Book Review: 'The Cheater's Guide to Baseball' by Derek Zumsteg
by Bob Timmermann
In his Cheater’s Guide To Baseball, Derek Zumsteg, of Baseball Prospectus and U.S.S. Mariner, takes a stab at examining the various forms of cheating, chicanery, gamesmanship, and downright fraud that make up baseball. The book is a quick and somewhat lighthearted look at cheating in baseball, yet does take the time in spots to examine some of the bigger problems that fall under the fairly broad scope of “cheating.”
Zumsteg in the introduction makes a brief attempt to examine the philosophical and moral aspects of cheating, but does so, as he does in most of the book, in light-hearted fashion.
Some people argue that any lie is an immoral act and that any time you lie to gain an advantage, you’ve sinned.
Those people get really bad deals on consumer electronics.
The book is laid out it seems in increasing order of the seriousness of the cheating, from groundskeepers tricking up the field to benefit the home team to umpire baiting to doctored bats and spitballs and finally to game-fixing.
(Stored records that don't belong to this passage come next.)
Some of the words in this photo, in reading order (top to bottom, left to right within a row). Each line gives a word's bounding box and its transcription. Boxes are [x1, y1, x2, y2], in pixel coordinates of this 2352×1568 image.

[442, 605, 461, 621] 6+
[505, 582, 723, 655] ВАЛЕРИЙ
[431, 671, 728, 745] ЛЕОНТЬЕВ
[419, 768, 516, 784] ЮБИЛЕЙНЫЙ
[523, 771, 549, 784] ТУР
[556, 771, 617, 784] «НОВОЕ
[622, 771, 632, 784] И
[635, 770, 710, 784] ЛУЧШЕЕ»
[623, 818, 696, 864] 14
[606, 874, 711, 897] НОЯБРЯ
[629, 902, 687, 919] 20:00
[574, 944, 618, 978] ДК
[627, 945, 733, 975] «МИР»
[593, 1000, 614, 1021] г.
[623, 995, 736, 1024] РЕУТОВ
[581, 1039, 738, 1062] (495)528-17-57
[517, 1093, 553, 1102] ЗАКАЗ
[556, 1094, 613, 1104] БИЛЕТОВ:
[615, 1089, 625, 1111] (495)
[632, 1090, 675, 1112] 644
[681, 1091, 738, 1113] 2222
Finally, Zumsteg tackles the issue of PEDs, but he doesn’t come down as hard on them as he does on Pete Rose and Joe Jackson. In fact, the section on steroids and other PEDs is one of the most interesting parts of the book.
Some parts of the book cover subjects that I wouldn’t consider cheating, such as crowd heckling and fan misbehavior, although Zumsteg gives it a good shot to try to tie it all together. The section on the 1919 World Series is presented in a very straightforward and funny manner and makes the complicated conspiracy seem pretty simple. Zumsteg has read up on the 1919 World Series, but I’ve always found that trying to determine the “facts” of the 1919 fix to be somewhat elusive. But you can read a lot of hefty tomes on the Black Sox if you want chapter and verse. Zumsteg doesn’t need that detail because his point is, ultimately, that something horrible happened in the 1919 World Series and that is cheating being taken too far.
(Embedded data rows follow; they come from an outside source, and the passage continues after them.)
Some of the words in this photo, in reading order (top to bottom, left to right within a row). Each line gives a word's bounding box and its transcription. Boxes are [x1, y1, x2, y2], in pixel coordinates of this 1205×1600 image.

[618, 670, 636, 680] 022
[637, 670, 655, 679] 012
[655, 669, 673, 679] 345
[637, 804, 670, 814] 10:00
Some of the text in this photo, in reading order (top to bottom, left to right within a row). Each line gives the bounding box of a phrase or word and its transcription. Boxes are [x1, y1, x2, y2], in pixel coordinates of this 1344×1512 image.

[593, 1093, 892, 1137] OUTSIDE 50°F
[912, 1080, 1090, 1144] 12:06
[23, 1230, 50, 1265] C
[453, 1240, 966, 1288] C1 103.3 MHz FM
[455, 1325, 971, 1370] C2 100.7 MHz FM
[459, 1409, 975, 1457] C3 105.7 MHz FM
The problem with writing about cheating in baseball is that it’s hard to find many people who will speak on the record about it. If it weren’t for Gaylord Perry, how would most of us know anything about the spitball? Most players are, understandably, quite coy about discussing cheating and few will ever admit to cheating, just as few pitchers ever admit to deliberately throwing at batters. It’s just not done. It’s one of those unwritten rules. The section on groundskeeping relies on one former Indians groundskeeper who was one of the few who ever spoke on the record about the topic.
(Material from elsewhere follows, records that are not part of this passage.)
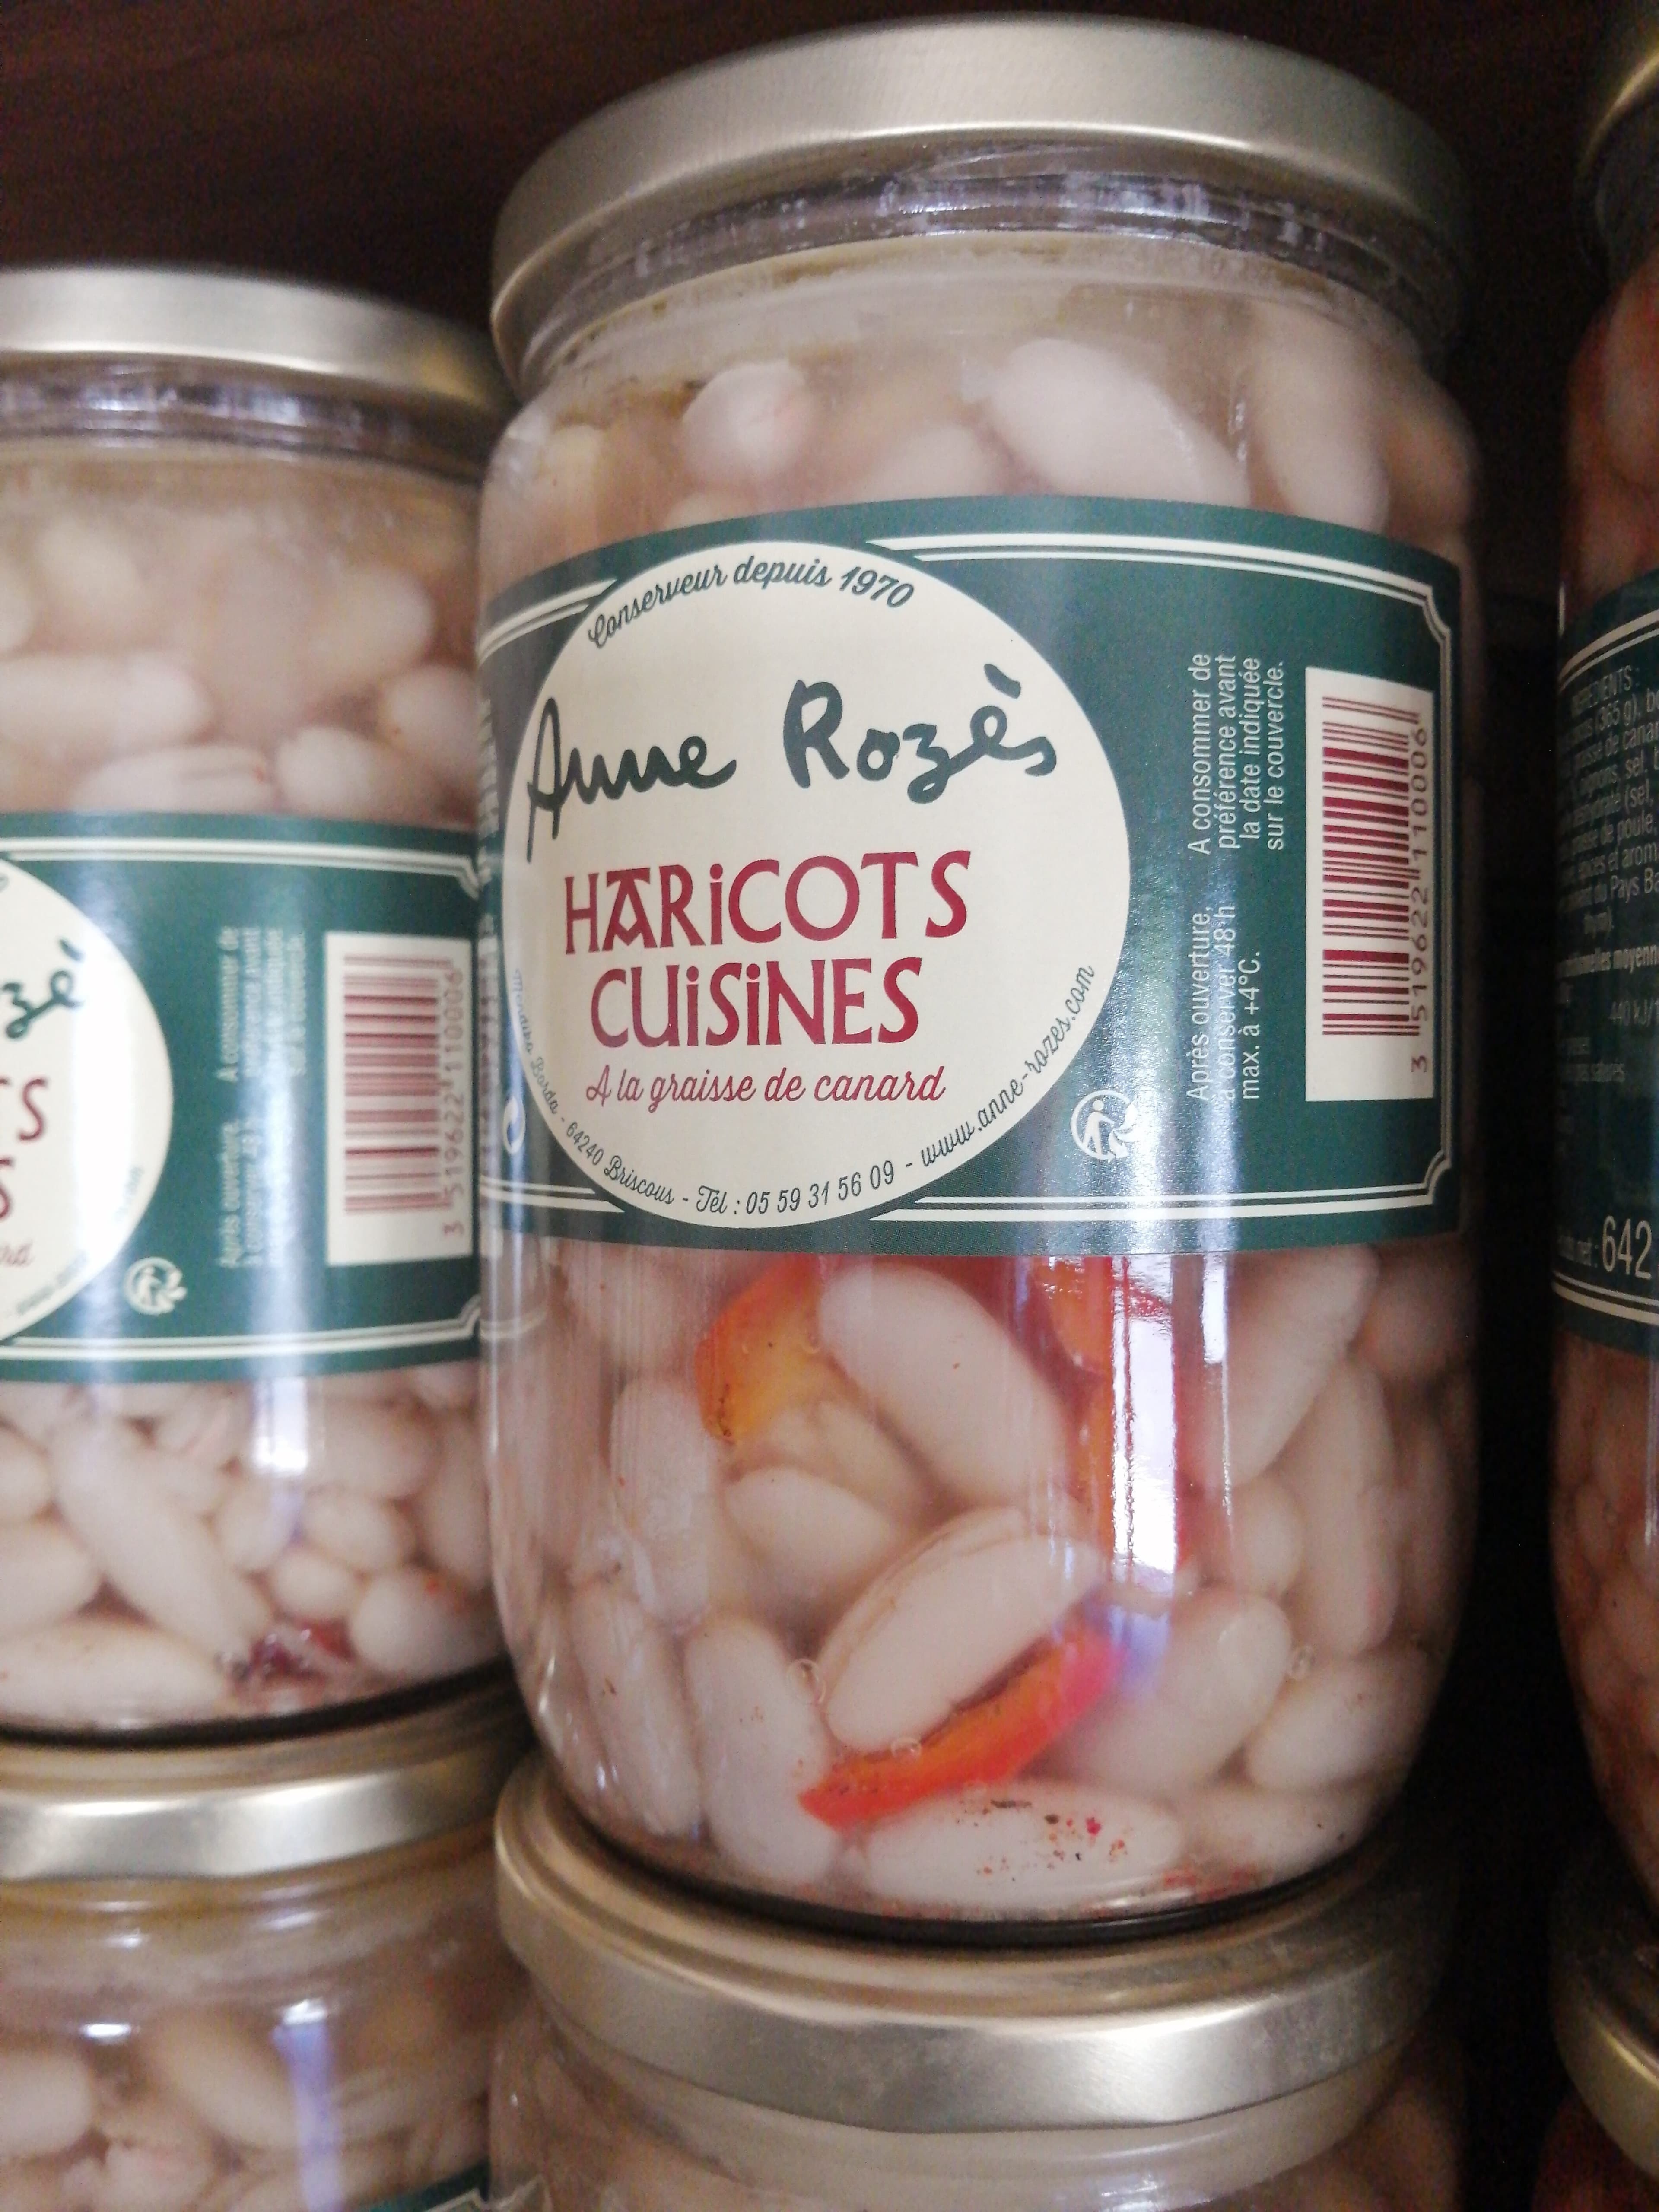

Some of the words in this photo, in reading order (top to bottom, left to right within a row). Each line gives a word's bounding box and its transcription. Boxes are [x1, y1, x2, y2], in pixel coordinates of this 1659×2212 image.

[588, 565, 728, 648] Conserveur
[734, 556, 831, 589] depuis
[839, 566, 914, 607] 1970
[1188, 654, 1211, 681] de
[1215, 655, 1236, 718] avant
[1239, 658, 1264, 755] indiquée
[1263, 662, 1284, 778] couvercle.
[1192, 691, 1211, 830] consommer
[1622, 721, 1659, 750] canar
[526, 698, 737, 863] Anne
[783, 664, 1056, 803] Rozès
[1213, 726, 1239, 849] préférence
[1239, 765, 1260, 813] date
[1264, 786, 1284, 805] le
[1187, 838, 1211, 855] A
[1239, 824, 1260, 839] la
[1268, 816, 1284, 850] sur
[1610, 875, 1640, 903] Pays
[1188, 906, 1211, 1025] ouverture,
[1214, 929, 1236, 957] 48
[1217, 964, 1236, 1079] conserver
[1239, 1025, 1259, 1036] à
[566, 1122, 605, 1166] 64240
[604, 1155, 674, 1204] Briscous
[746, 1191, 770, 1214] 05
[778, 1188, 800, 1213] 59
[808, 1181, 829, 1208] 31
[838, 1172, 861, 1200] 56
[870, 1160, 893, 1189] 09
[921, 966, 1094, 1167] www.anne-rozes.com
[586, 1065, 611, 1107] A
[618, 1068, 644, 1101] la
[650, 1069, 756, 1113] graisse
[765, 1068, 805, 1101] de
[814, 1066, 946, 1101] canard
[1186, 1034, 1213, 1100] Après
[1243, 1046, 1259, 1099] max.
[1411, 1055, 1427, 1073] 3
[1602, 1215, 1652, 1280] 642
Baseball’s unwritten rules have fostered cheating throughout its history. The sport’s rulebook has a lot of shades of gray in it. Is a pickoff move that is sometimes called a balk and sometimes not a case of cheating? What about a ball that has just happened to pick up some fortunate scuff to it?
Overall, the book was a fun read. The topic of cheating is not something that lends itself to a 600-page book, but for a 250 page paperback, it's fine. I suppose it could be 600 pages, but it would have a lot of non-funny parts of it. And Zumsteg’s humor keeps the pace zipping along and even makes the Nickel Beer Night Riot of Cleveland an enjoyable event to read about.